Ce magistrat a rendu compte des plaidoiries dans le délibéré de la Cour, composée de :
Madame Anne VIDAL, présidente de chambre
Madame Françoise MARTINI, conseillère
Madame Marie-Sophie RICHARD, conseillère
Greffier, lors des débats : Monsieur Guillaume LE FORESTIER
ARRÊT :
- par défaut,
- par mise à disposition de l'arrêt au greffe de la Cour, les parties en ayant été préalablement avisées dans les conditions prévues au deuxième alinéa de l'article 450 du code de procédure civile.
- signé par Madame Anne VIDAL, présidente de chambre et par Monsieur Guillaume LE FORESTIER, greffier auquel la minute de la décision a été remise par le magistrat signataire.
****
Courant 2007, M. [M] a acquis auprès de la société [Localité 5] automobiles un véhicule neuf de marque Saab modèle 9-3 Sport Hatch 1.9 TID 150cv série anniversaire à boîte automatique. Se plaignant d'un manque de puissance du véhicule, il a introduit les 8 et 15 octobre 2009 une action en résolution de la vente et restitution du prix devant le tribunal de commerce de Paris dirigée contre les sociétés [Localité 5] automobiles, Automobiles Paris Etoile et General motors France. Une expertise a été ordonnée par jugement du 27 mai 2010, confiée à M. [Q], qui a déposé son rapport le 7 février 2011. Le 29 juin 2011, M. [M] s'est désisté de ses demandes à l'égard de la société Automobiles Paris Etoile. La société de droit suédois Saab automobile aktiebolag est intervenue volontairement à l'instance le 28 septembre 2011.

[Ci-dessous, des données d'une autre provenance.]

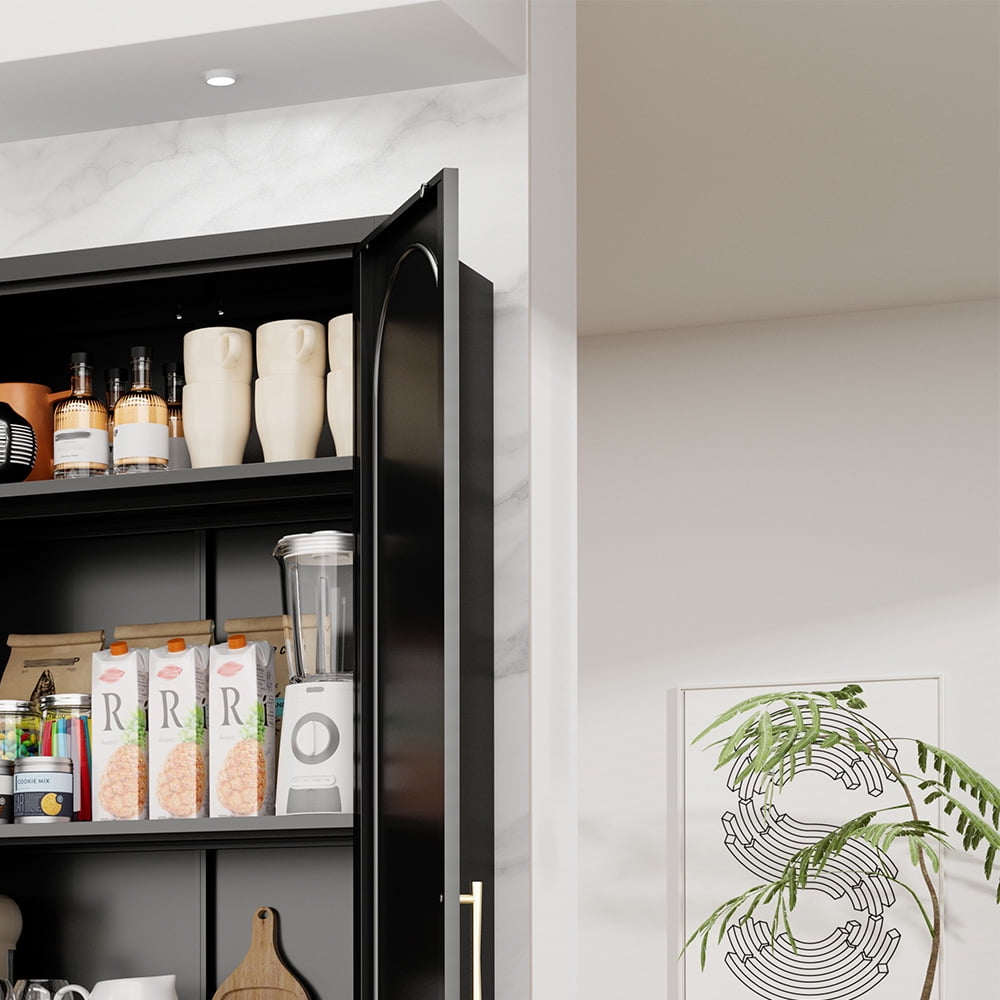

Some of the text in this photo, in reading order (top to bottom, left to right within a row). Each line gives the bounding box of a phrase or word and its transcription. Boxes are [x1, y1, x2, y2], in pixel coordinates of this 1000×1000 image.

Par jugement du 19 janvier 2012, le tribunal de commerce Paris a condamné la société Saab automobile aktiebolag à procéder à la remise en état de marche du véhicule préconisée par l'expert en changeant l'ensemble mototracteur avec ses calculateurs associés, a dit qu'elle devait régler à M. [M] la somme de 3 222 euros en remboursement des frais d'expertise, a débouté M. [M] de ses demandes de remboursement des dépenses d'entretien du véhicule (changement de pneus, vidange, plaquettes de freins) et de frais irrépétibles, a débouté la société [Localité 5] automobiles et la société General motors France de leurs demandes en application de l'article 700 du code de procédure civile, et a ordonné l'exécution provisoire. Le tribunal a retenu du rapport de l'expert qu'il y avait un manque de puissance à bas régime mais non un manque de puissance réelle, que le comportement de la Saab de M. [M] n'était pas propre à ce véhicule, qu'aucun organe responsable n'avait été identifié et que le changement préconisé était une solution techniquement satisfaisante.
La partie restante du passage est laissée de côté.